(Nanowerk News) Enzymes are the molecular factories in biological cells. However, what basic molecular building blocks they use to assemble the target molecule is often unknown and difficult to measure. An international team including bioinformaticists from Heinrich Heine University Düsseldorf (HHU) have now taken an important step forward in this regard: Their AI method predicts with a high degree of accuracy whether an enzyme can work with a particular substrate.
They are now presenting their results in a scientific journal Nature Communications (“Enzyme substrate scope: general predictive models based on machine and deep learning”).
Enzymes are important biocatalysts in all living cells: They facilitate chemical reactions, in which all molecules essential to organisms are produced from basic substances (substrates). Most organisms have thousands of different enzymes, with each one responsible for very specific reactions. The collective function of all enzymes shapes metabolism and thus provides the conditions for the life and survival of organisms.
Although the gene encoding the enzyme can be easily identified, the exact function of the enzyme produced is unknown in the majority – more than 99% – of cases. This is because the experimental characterization of their function – that is, the initial molecule that a particular enzyme converts into a concrete final molecule – is very time-consuming.

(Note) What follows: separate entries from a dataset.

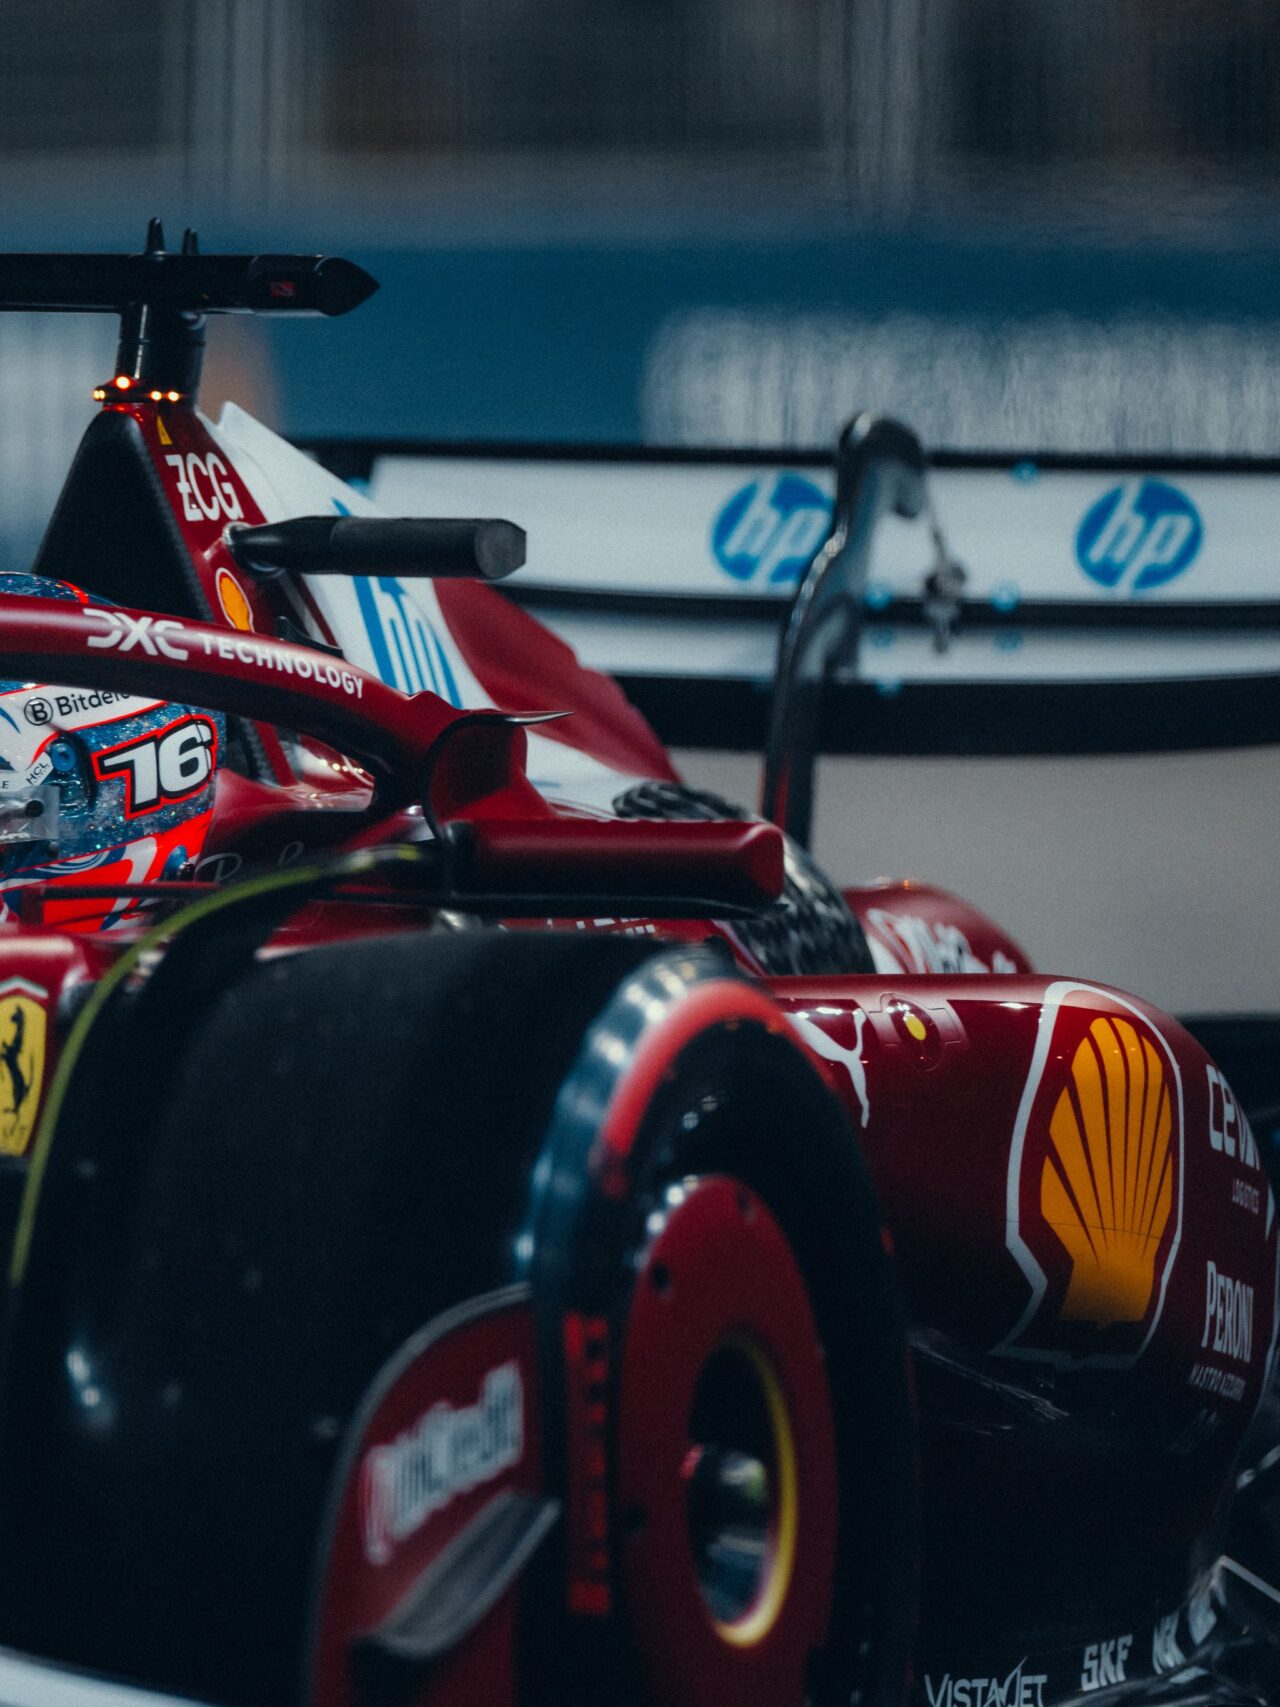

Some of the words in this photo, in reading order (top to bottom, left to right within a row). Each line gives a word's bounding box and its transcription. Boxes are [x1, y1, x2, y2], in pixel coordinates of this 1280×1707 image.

[165, 452, 245, 521] ZCG
[722, 472, 830, 584] hp
[1089, 478, 1194, 598] hp
[82, 608, 189, 661] DXC
[198, 633, 363, 698] TECHNOLOGY
[1201, 1261, 1254, 1363] PERONI
[1081, 1634, 1133, 1692] SKF

Together with colleagues from Sweden and India, a research team led by Professor Dr Martin Lercher from the Computational Cell Biology research group at HHU have developed an AI-based method to predict whether an enzyme can use a particular molecule as a substrate for its reaction. catalyst.

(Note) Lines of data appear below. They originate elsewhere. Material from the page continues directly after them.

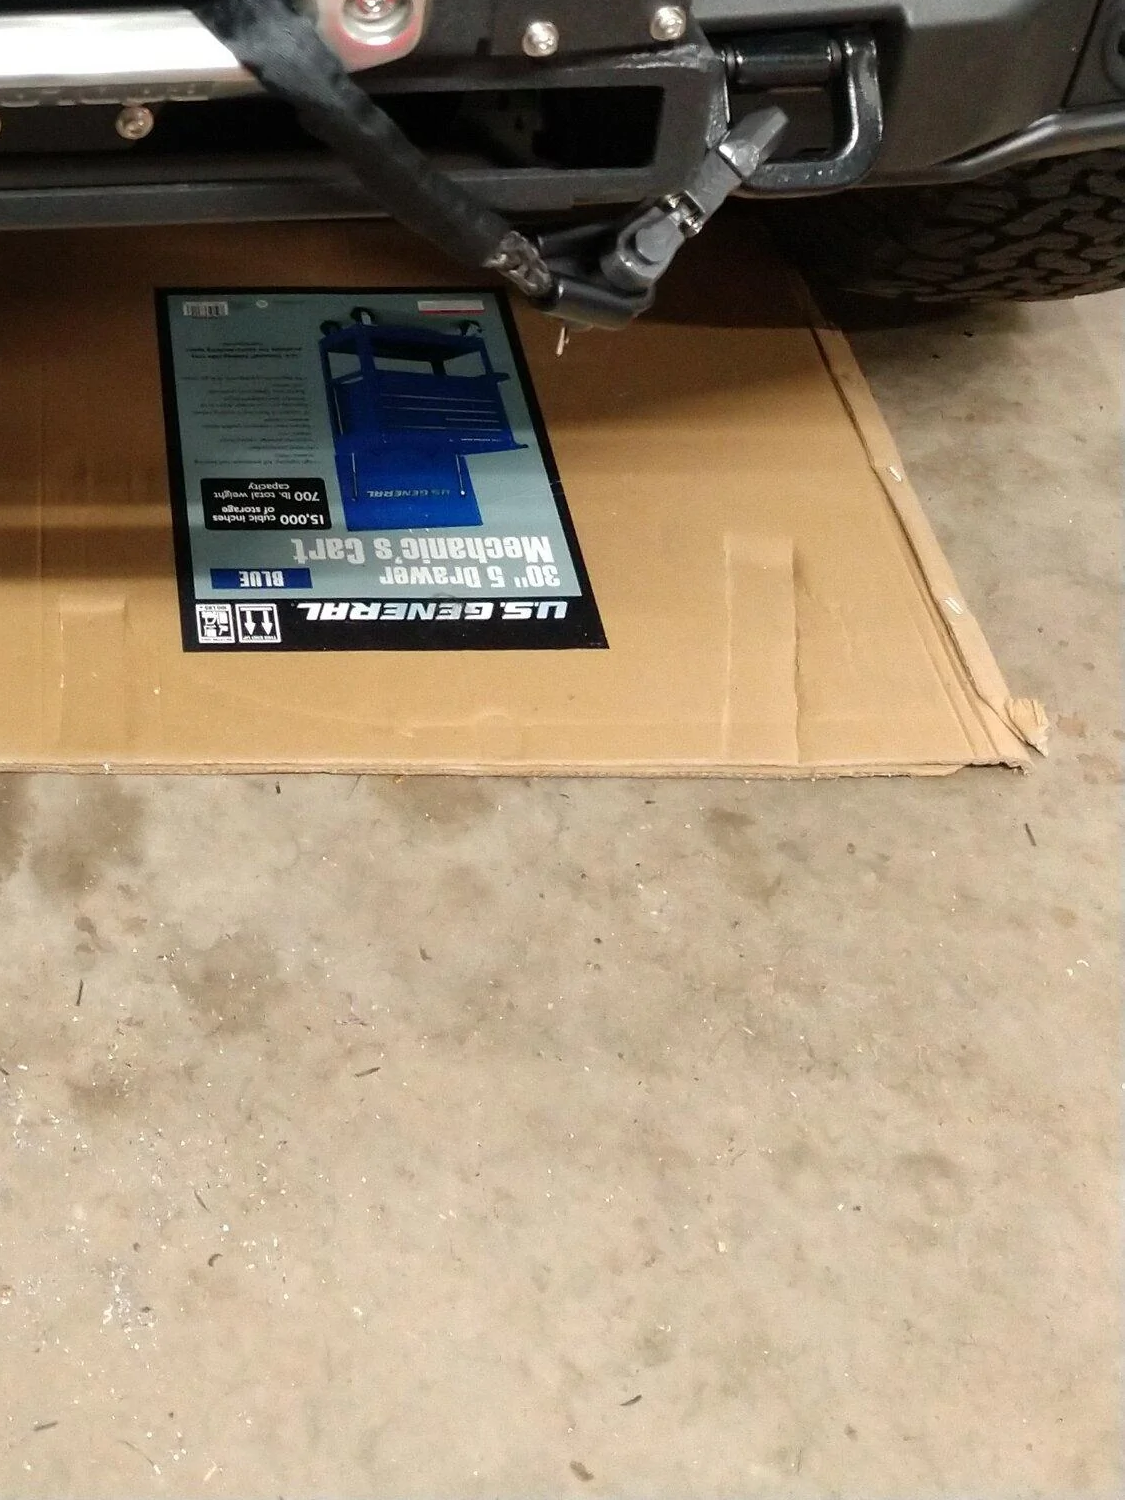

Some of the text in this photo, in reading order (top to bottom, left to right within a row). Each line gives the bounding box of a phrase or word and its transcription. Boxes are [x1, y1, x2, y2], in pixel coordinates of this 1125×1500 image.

[247, 482, 290, 490] capacity
[213, 490, 320, 501] 700 lb. total weight
[221, 504, 275, 514] of storage
[212, 513, 325, 525] 15,000 cubic inches
[291, 536, 555, 564] Mechanic's Cart
[238, 570, 285, 587] BLUE
[379, 565, 561, 589] 30" 5 Drawer

Professor Lercher: “A special feature of our ESP (“Enzyme Substrate Prediction”) model is that we are not limited to individual specific enzymes and others closely related to them, as was the case in the previous model. Our general model can work with any combination of enzymes and more than 1,000 different substrates.”
PhD student Alexander Kroll, lead author of the study, has developed a so-called Deep Learning model in which information about enzymes and substrates is encoded in mathematical structures known as numerical vectors. Vectors of around 18,000 experimentally validated enzyme-substrate pairs – where the enzyme and substrate are known to work together – were used as input to train the Deep Learning model.
Alexander Kroll: “After training the model in this way, we then apply it to an independent test dataset where we already know the correct answer. In 91% of cases, the model predicted exactly which substrate went with which enzyme.”
This method offers a variety of potential applications. In both drug and biotechnology research, it is very important to know which substances can be converted by enzymes. Professor Lercher: “This will enable research and industry to narrow down a large number of possible pairs to the most promising pairs, which they can then use for the enzymatic production of new drugs, chemicals or even biofuels.”
Kroll added: “It will also allow for the creation of better models to simulate cell metabolism. Plus, it will help us understand the physiology of various organisms – from bacteria to humans.”
Apart from Kroll and Lercher, Professor Dr Martin Engqvist from Chalmers University of Technology in Gothenburg, Sweden, and Sahasra Ranjan from the Indian Institute of Technology in Mumbai were also involved in the research. Engqvist helped design the study, while Ranjan implemented the model which encoded the enzyme information that was fed into the overall model developed by Kroll.